低ブドウ糖環境下によるCAR-T細胞の機能不全を克服するオンデマンド型代謝強化CAR-T細胞を開発―抗腫瘍効果の向上と安全性をマウスモデルで検証―

2026-04-17 国立がん研究センター,名古屋大学,京都大学

概要図

＜関連情報＞

• https://www.ncc.go.jp/jp/information/researchtopics/2026/0417/index.html
• https://www.science.org/doi/10.1126/scitranslmed.adu3532

オンデマンドGLUT3発現は、膠芽腫の前臨床モデルにおいてCAR T細胞の代謝能と抗腫瘍効果を高める On-demand GLUT3 expression augments CAR T cell metabolic fitness and antitumor efficacy in preclinical models of glioblastoma

Junya Yamaguchi, Keisuke Watanabe, Akihiro Nakamura, Nina Yi-Tzu Lin, […] , and Hiroyoshi Nishikawa
Science Translational Medicine  Published:15 Apr 2026
DOI:https://doi.org/10.1126/scitranslmed.adu3532

Editor’s summary

Chimeric antigen receptor T cells (CAR T cells) are an attractive option to treat aggressive solid tumors, such as glioblastoma (GBM). However, the immunosuppressive and glucose-poor GBM microenvironment put CAR T cells at a disadvantage, given that their lower-affinity glucose transporter 1 (GLUT1) cannot outcompete the higher-affinity GLUT3 expressed by tumor cells. Here, Yamaguchi et al. engineered CAR T cells to express GLUT3; whereas systemic expression resulted in toxicity, an on-demand system controlled by CAR T cell activation boosted the activity of the CAR T cells, enabling tumor control without toxicity. These data highlight both the promise of CAR T cells for GBM and offer a technological advance to tailoring CAR T cell function. —Courtney Malo

Abstract

The clinical success of chimeric antigen receptor T cell (CAR T cell) therapy in hematologic malignancies has prompted its application for refractory solid tumors, including glioblastoma (GBM). However, CAR T cell trials against solid tumors have failed to show clinical efficacy thus far. Here, we show that the dysfunction of CAR T cells in GBM is attributed, at least, in part, to glucose deficiency in the tumor microenvironment (TME) driven by the substantial consumption of glucose by cancer cells. Engineering CAR T cells to continuously express glucose transporter 3 (GLUT3), a high-affinity glucose transporter, restored their cytokine production and killing activity. However, although CAR T cells with stable GLUT3 expression induced tumor reduction in a preclinical GBM model, their overactivation led to adverse events and mouse death.
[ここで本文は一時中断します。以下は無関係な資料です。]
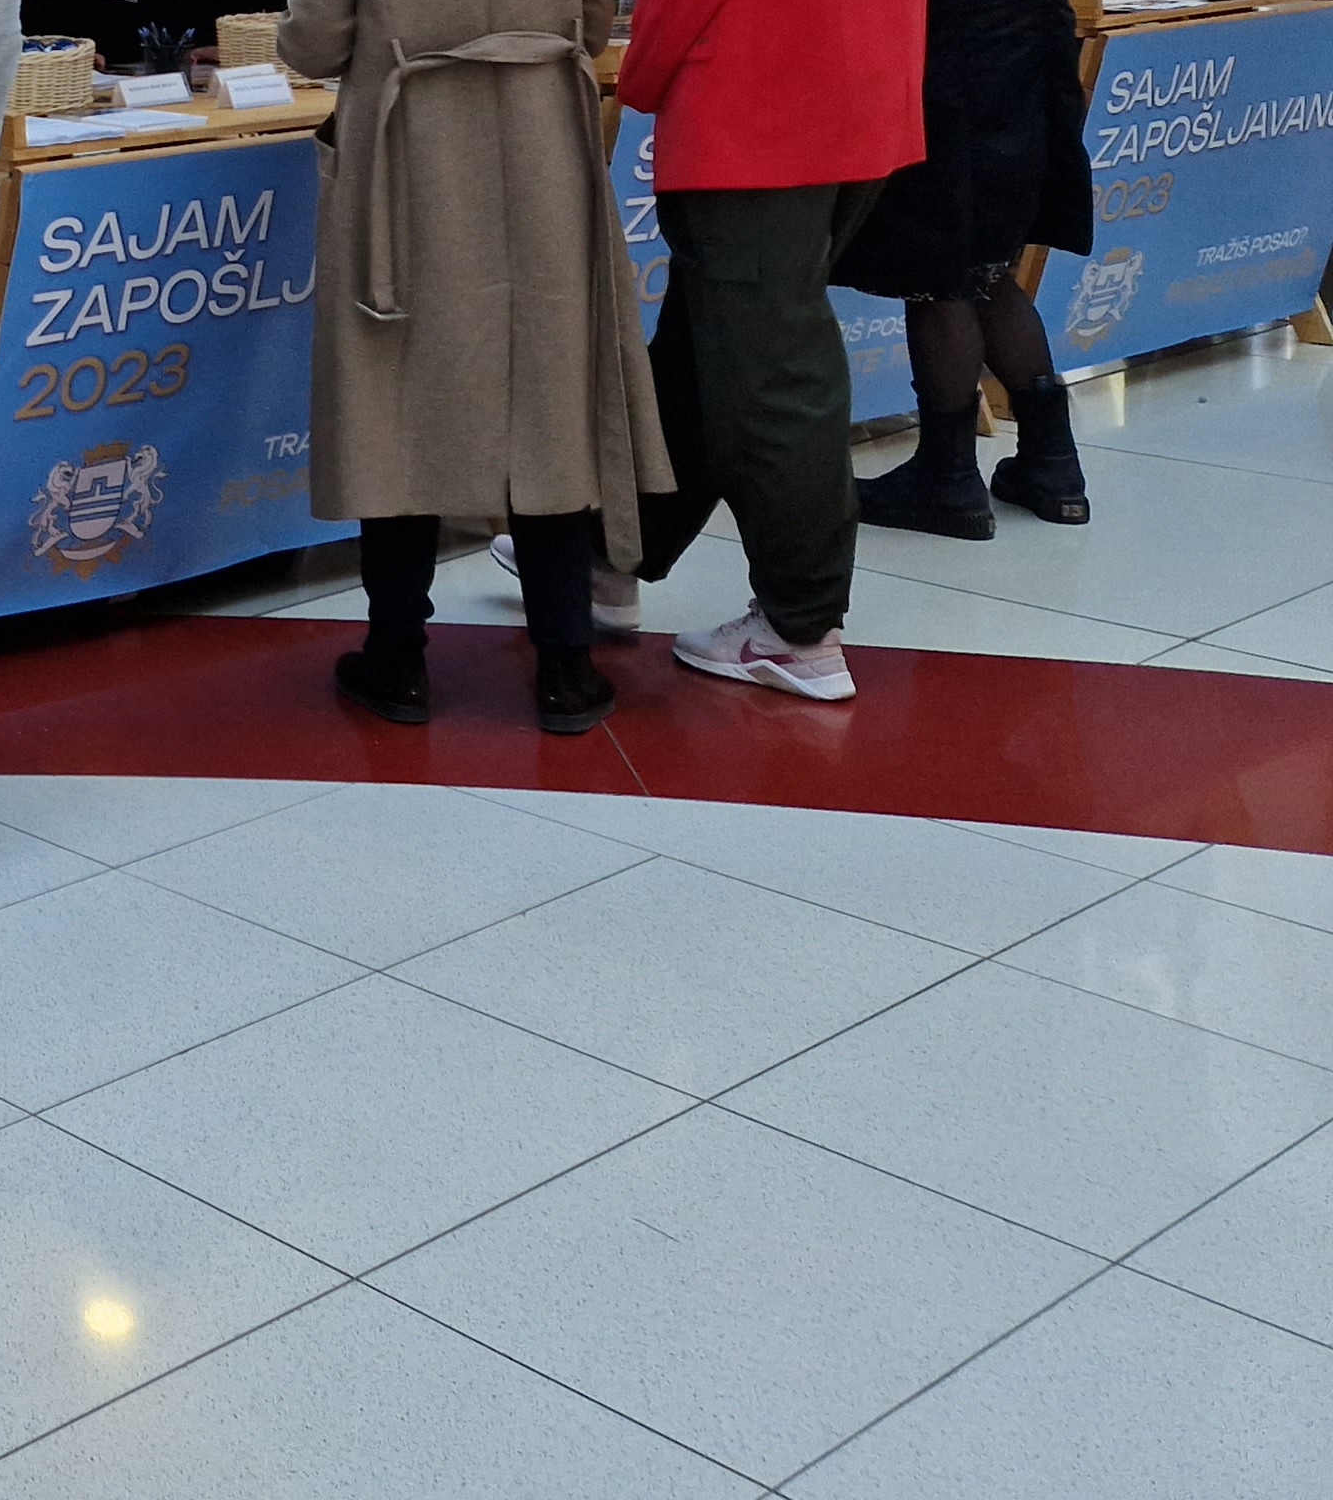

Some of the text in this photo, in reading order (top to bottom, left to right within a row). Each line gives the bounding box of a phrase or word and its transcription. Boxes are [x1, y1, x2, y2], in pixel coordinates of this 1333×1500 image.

In contrast, on-demand GLUT3-expressing CAR T cells, in which GLUT3 transcription was driven by the nuclear translocation of nuclear factor of activated T cells (NFAT) as a consequence of target antigen stimulation, exhibited enhanced metabolic fitness and increased antitumor efficacy, leading to long-lasting tumor control in intracranial human GBM cell xenograft models while preventing adverse events. We propose that on-demand enhancement of metabolic fitness, such as at the time of exposure to tumor antigens, is a concept for boosting the antitumor efficacy of CAR T cells against solid tumors.